An Weihnachten strandeten wieder Flüchtlinge vor Griechenland

Auch an Weihnachten waren sie wieder unterwegs, die „Schiffe der Verzweifelten“. Vermutlich zwölf ihrer Passagiere bezahlten an den Feiertagen die Reise ins vermeintliche Paradies, die EU, mit dem Leben. Der Transport von Flüchtlingen über das östliche Mittelmeer zu den griechischen Küsten gehört zu den Standardrouten gewissenloser Schleuser. Tausend Dollar lassen die sich die Überfahrt auf abgetakelten Fischkuttern und altersschwachen Sportbooten bezahlen.
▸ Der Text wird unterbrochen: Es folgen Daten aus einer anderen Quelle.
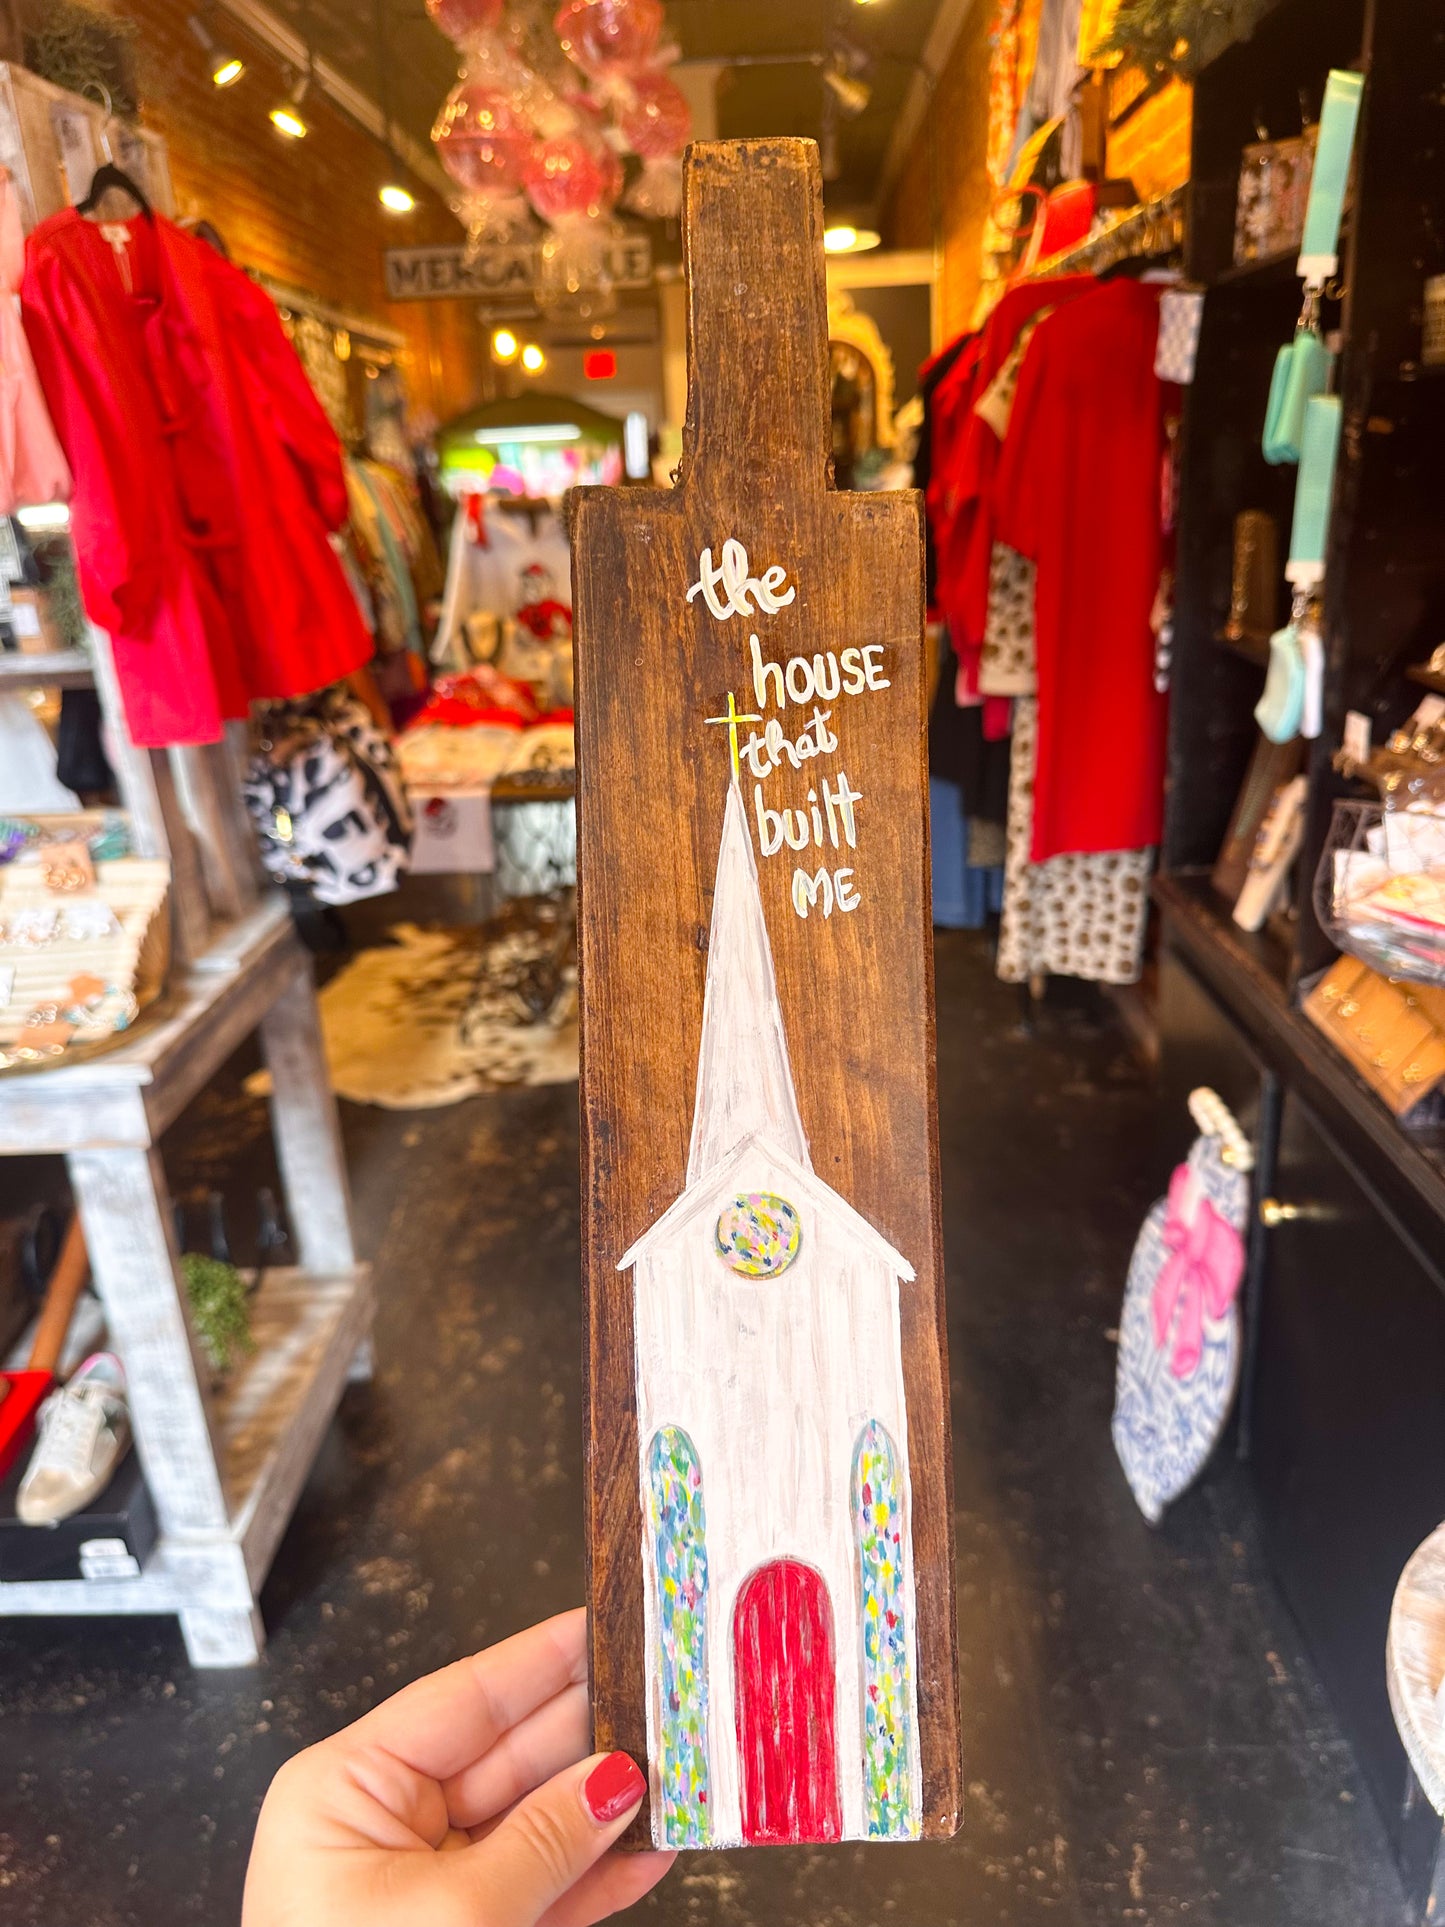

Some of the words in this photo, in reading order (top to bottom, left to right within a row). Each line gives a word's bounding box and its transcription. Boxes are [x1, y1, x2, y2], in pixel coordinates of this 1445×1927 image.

Oft endet die Seereise allerdings tödlich. Wie am ersten Weihnachtstag vor der griechischen Insel Chios.

Mit einem sieben Meter langen Schlauchboot versuchte eine Gruppe von Flüchtlingen, von der türkischen Küste nach Griechenland überzusetzen. Das Boot kenterte jedoch in der stürmischen See. Die griechische Küstenwache konnte zwölf Menschen retten, fünf Flüchtlinge wurden tot geborgen. Auch für vier Vermisste gab es keine Hoffnung mehr. Den Schleuser, einen 44-jährigen Griechen, konnte die Küstenwache festnehmen; er hatte erst vor kurzem in der Türkei eine Haftstrafe wegen Menschenschmuggels abgesessen.
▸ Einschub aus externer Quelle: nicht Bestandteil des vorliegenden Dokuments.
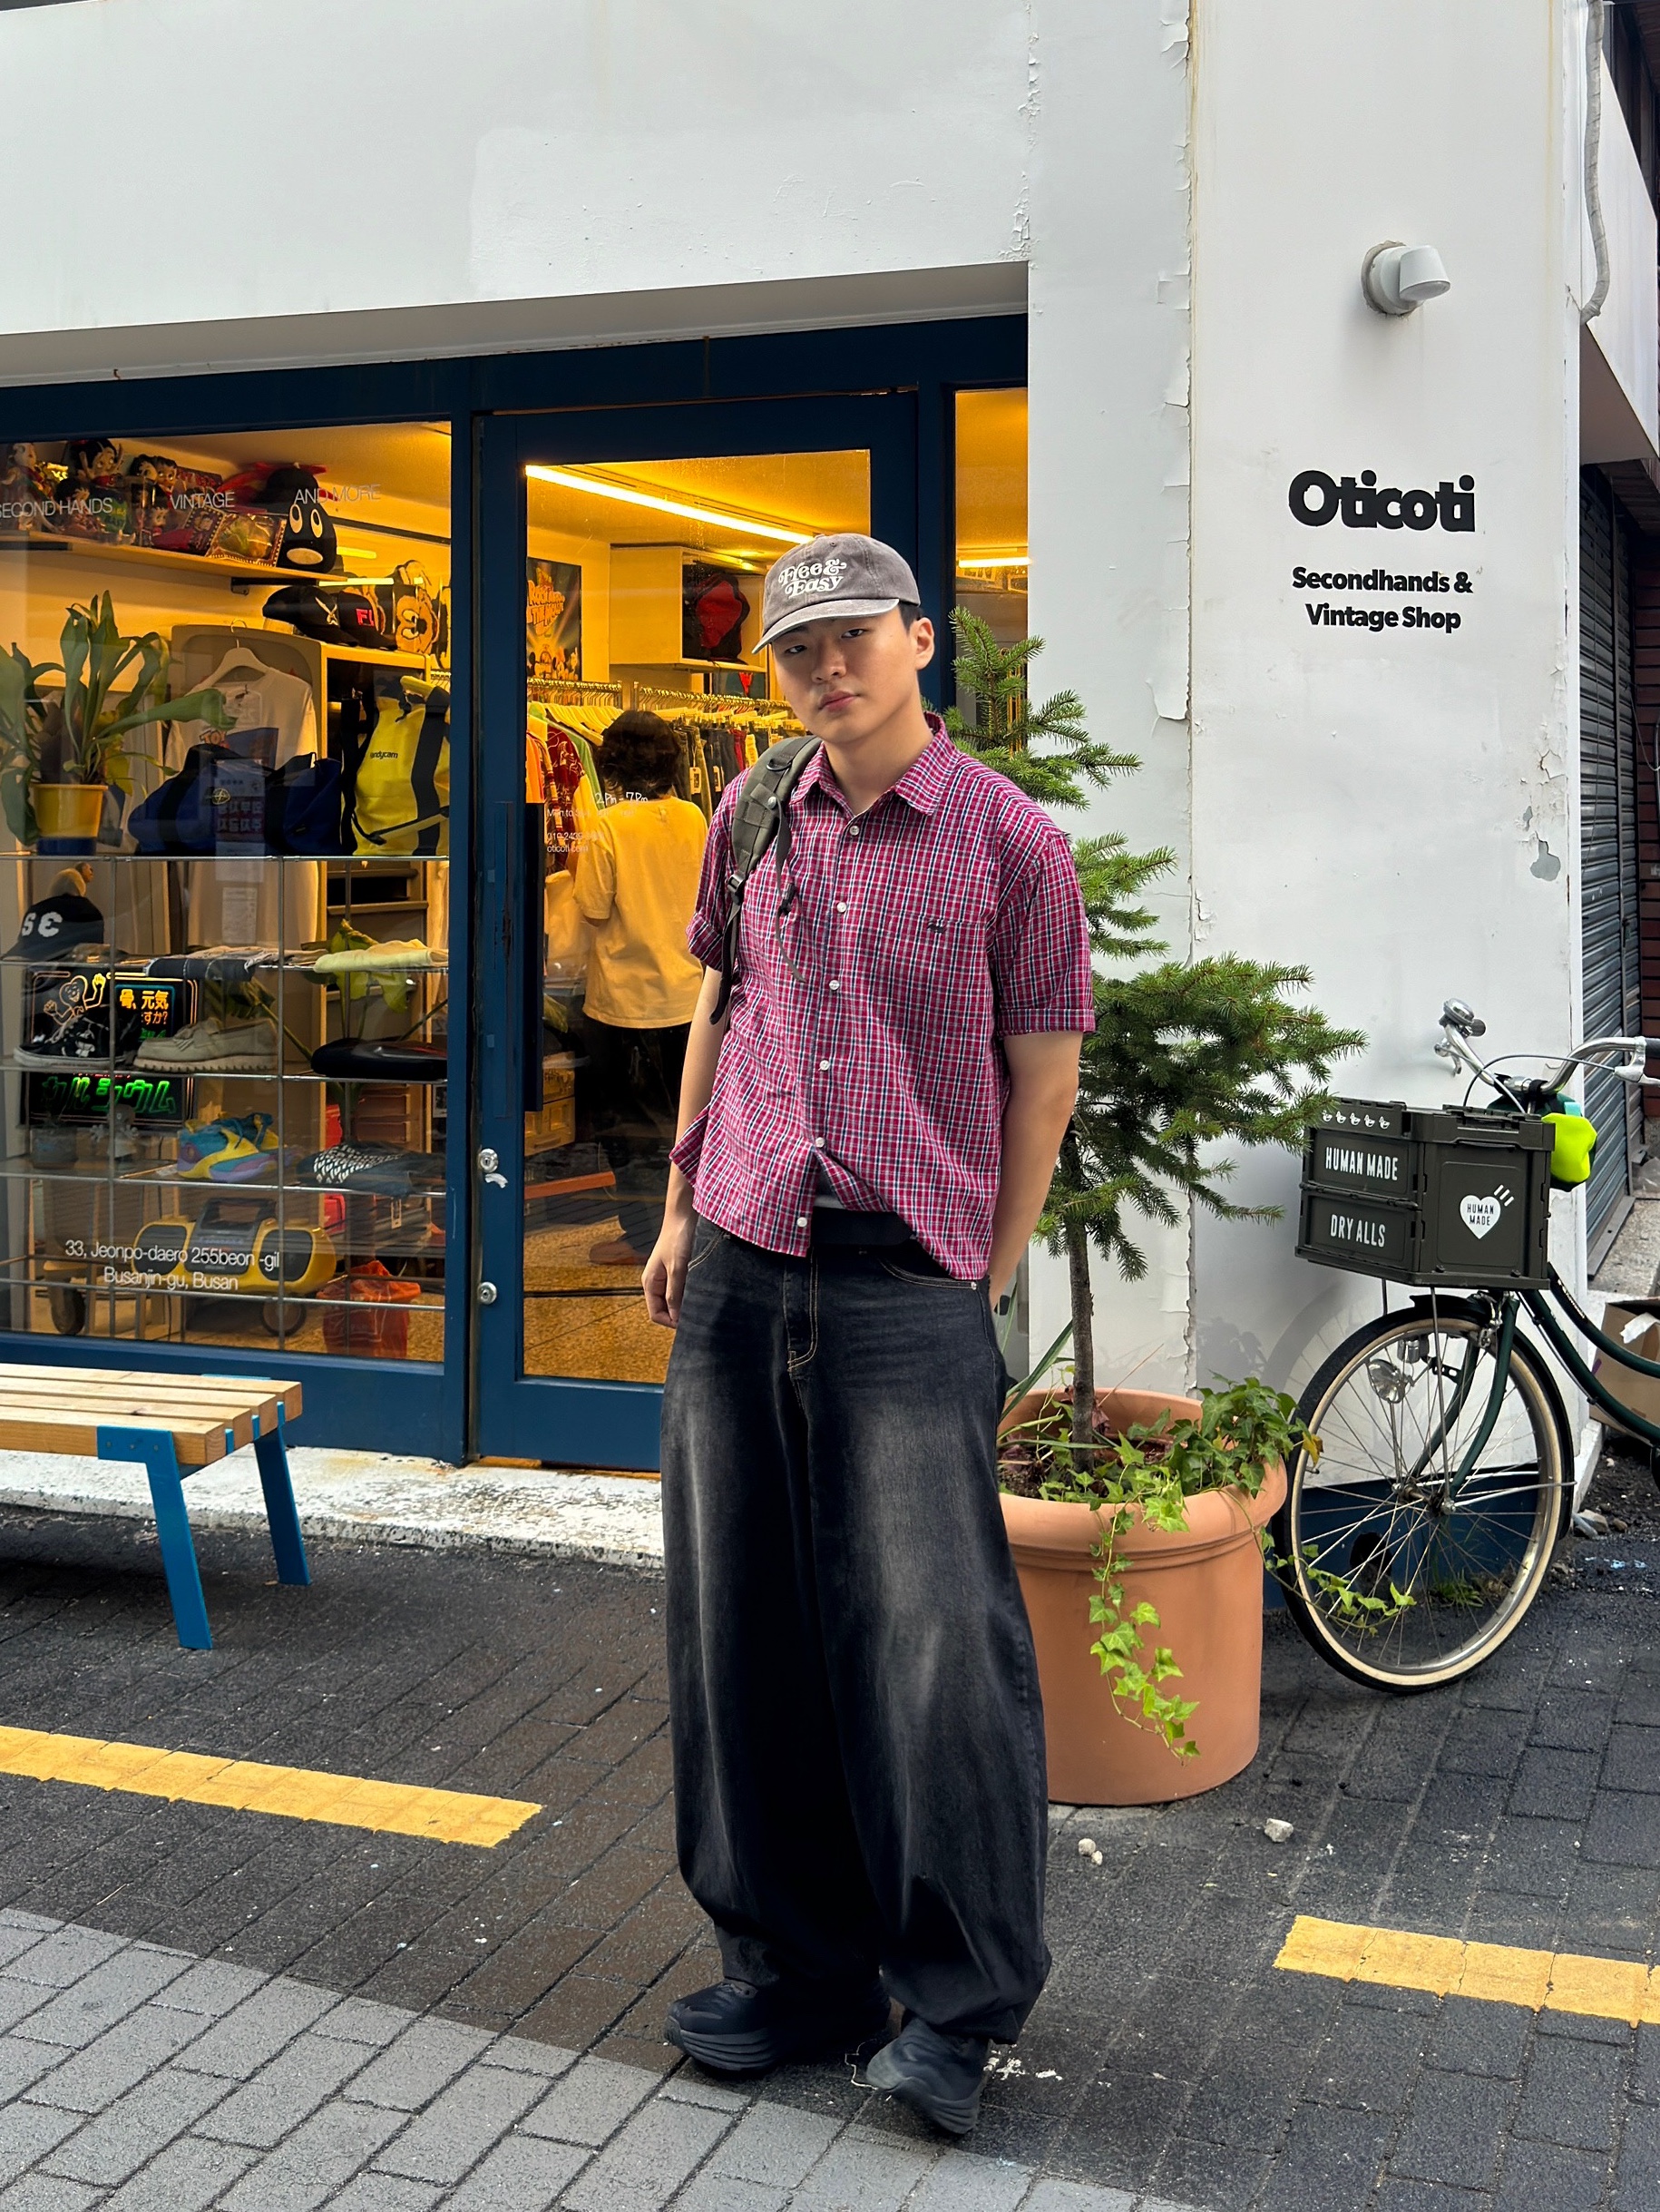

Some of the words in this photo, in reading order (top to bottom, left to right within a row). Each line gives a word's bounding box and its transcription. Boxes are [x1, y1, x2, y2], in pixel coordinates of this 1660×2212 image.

[170, 491, 236, 510] VINTAGE
[295, 487, 328, 505] AND
[332, 484, 381, 502] MORE
[1288, 469, 1476, 533] Oticoti
[0, 500, 55, 519] ECOND
[59, 497, 113, 515] HANDS
[785, 575, 845, 599] Easy
[1292, 566, 1450, 592] Secondhands
[1453, 571, 1474, 593] &
[1304, 602, 1399, 632] Vintage
[1402, 606, 1461, 633] Shop
[141, 1011, 169, 1025] すか?
[1325, 1146, 1363, 1176] HUMAN
[1366, 1152, 1399, 1181] MADE
[1467, 1203, 1495, 1215] HUMAN
[1470, 1215, 1491, 1227] MADE
[1330, 1214, 1354, 1241] DRY
[1355, 1219, 1387, 1248] ALLS
[65, 1239, 87, 1258] 33,
[92, 1241, 188, 1264] Jeonpo-daero
[190, 1246, 255, 1267] 255beon
[103, 1267, 189, 1292] Busanjin-gu,
[192, 1271, 239, 1291] Busan
In der Nacht zu Heiligabend hatte sich vor der Insel Korfu eine ähnliche Tragödie ereignet. Ein mit 160 Menschen besetztes Flüchtlingsschiff, das auf dem Weg nach Italien war, lief auf ein Riff und sank. Die meisten Menschen konnten an Land schwimmen, für einen Mann und seine neunjährige Tochter kam jedoch jede Hilfe zu spät. Die beiden Schleuser, vermutlich Albaner, konnten entkommen. Schon in der Woche vor Weihnachten waren vor der Insel Euböa bei einer Havarie zehn Flüchtlinge ertrunken. Zwei türkische Menschenschmuggler wurden von einem Schnellrichter zu zehn Jahren Haft und 150 000 Euro Strafe verurteilt.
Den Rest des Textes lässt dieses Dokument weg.